La constructora del puerto deportivo paga a cuatro empleados ociosos desde el 5 de agosto, cuando el Concello limitó el acceso
09 dic 2009 . Actualizado a las 11:50 h.Tres operarios de Puentes y Calzadas y un palista de Excongal, contratada por la empresa que construye el puerto deportivo de Massó, llevan cuatro meses a pie de obra, pero sin trabajar y cobrando su salario a fin de mes. Pasan la jornada laboral escuchando la radio, charlando, jugando al tute y al chinchón y paseando alrededor de la caseta de obras. Llegan a las 7.00, dando relevo al agente de seguridad que custodia la zona por la noche, y se van a las 15.00 horas, justo cuando llega el otro agente que vigila la caseta, el generador y la pala por la tarde.
Es una más de las numerosas situaciones curiosas relacionadas con el conflicto de Massó, en el que un proyecto de 18 millones de euros está paralizado por cinco señales de tráfico que el gobierno cangués, a petición de uno de los tres socios que lo forman, ACE, la cofradía de pescadores y el Foro Social de Cangas, acordó colocar para impedir el acceso de los camiones.
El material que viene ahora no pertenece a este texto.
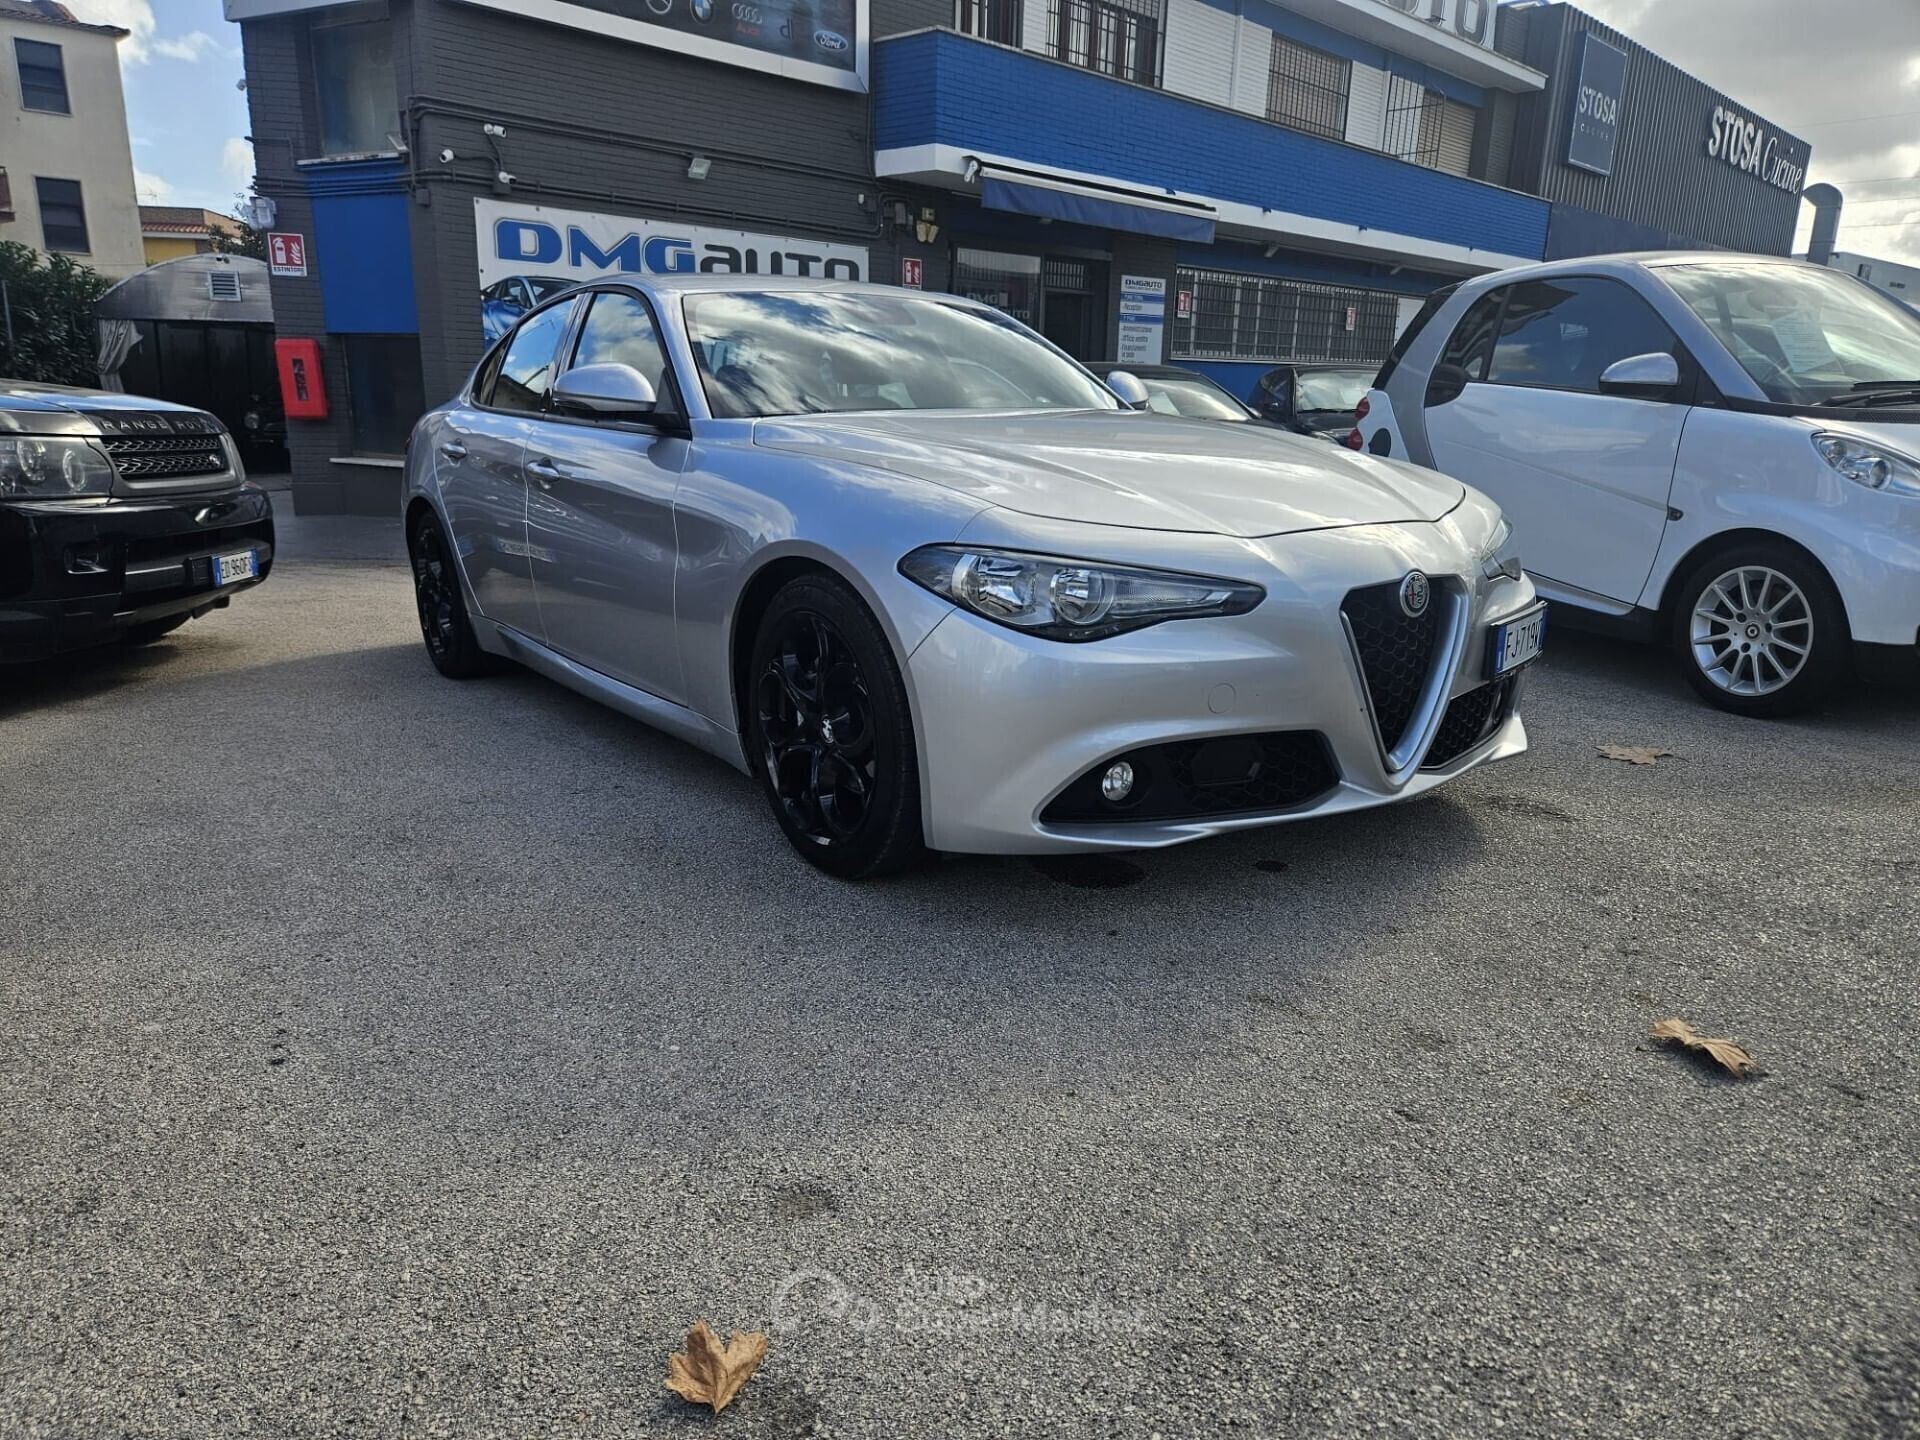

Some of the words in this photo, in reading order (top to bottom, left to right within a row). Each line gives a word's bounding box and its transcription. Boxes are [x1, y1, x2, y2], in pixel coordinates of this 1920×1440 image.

[818, 34, 842, 49] Ford
[1579, 85, 1616, 126] STOSA
[1708, 105, 1763, 176] STOSA
[1761, 136, 1802, 194] Cucine
[101, 420, 169, 430] RANGE
Son, en total, seis personas controlando una obra que no avanzó nada desde el 5 de agosto. En estos cuatro meses, solamente un día hubo movimiento. Entraron unos pocos camiones cargados de piedra escoltados por la Guardia Civil por un estrecho vial al que el Concello no había colocado todavía la señal de prohibido. La jornada se saldó con la detención de dos marineros de la cofradía canguesa. Ahora, todos los posibles accesos al puerto están cerrados con sus correspondientes señales.
Hace un par de semanas, la empresa comunicó a los trabajadores que iba a reiniciar las obras. Los operarios despertaron de su letargo, repararon la barrera que estaba colocada en el mar y se concienciaron para empezar. La empresa no consiguió la protección policial que pretendía y desistió de su intención, no sin remitir al Concello un burofax quejándose y responsabilizándolo de los daños y perjuicios que sufre a causa de las señales que impiden el acceso de los camiones.
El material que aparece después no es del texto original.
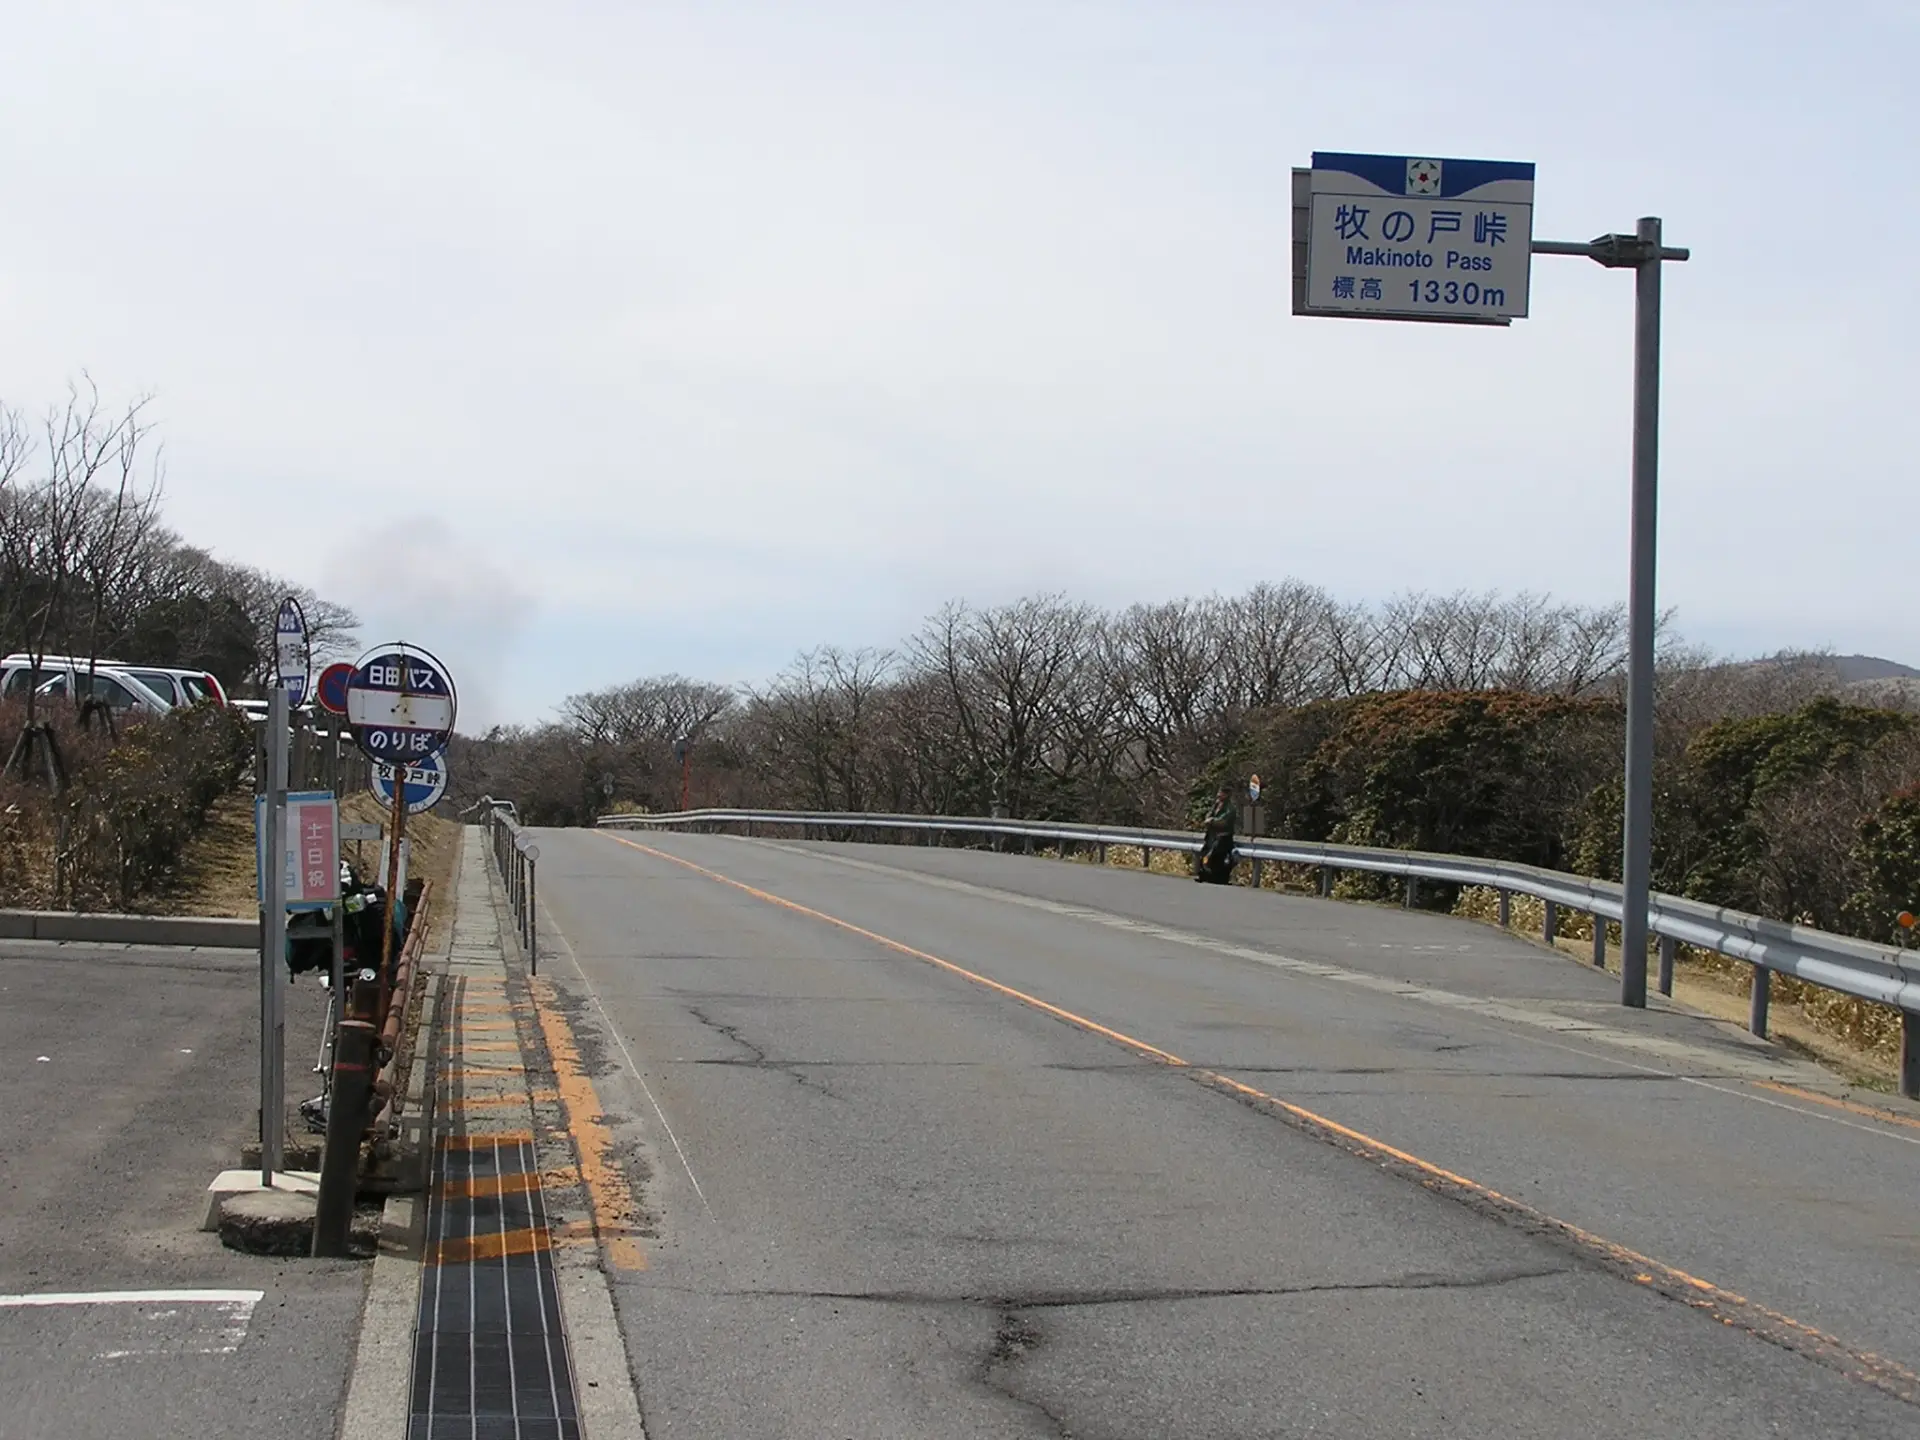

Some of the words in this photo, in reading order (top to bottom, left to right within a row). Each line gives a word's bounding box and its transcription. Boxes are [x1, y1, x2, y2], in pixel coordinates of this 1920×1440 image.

[1334, 204, 1507, 247] 牧の戸峠
[1346, 246, 1433, 269] Makinoto
[1446, 251, 1492, 271] Pass
[1332, 276, 1382, 301] 標高
[1408, 279, 1505, 306] 1330m
[369, 665, 435, 689] 日田バス
[369, 730, 432, 751] のりば
Desde el 2005, cuando la promotora, Marina Atlántica, obtuvo la autorización para construir el puerto, lo único que hicieron las dos empresas contratadas para ejecutar el proyecto fue echar unos pocos camiones de piedra al mar, reconstruir y anchear unos cien metros del llamado muelle roto y otros doce del espigón que hay frente a la chimenea, ni un 1% de la obra.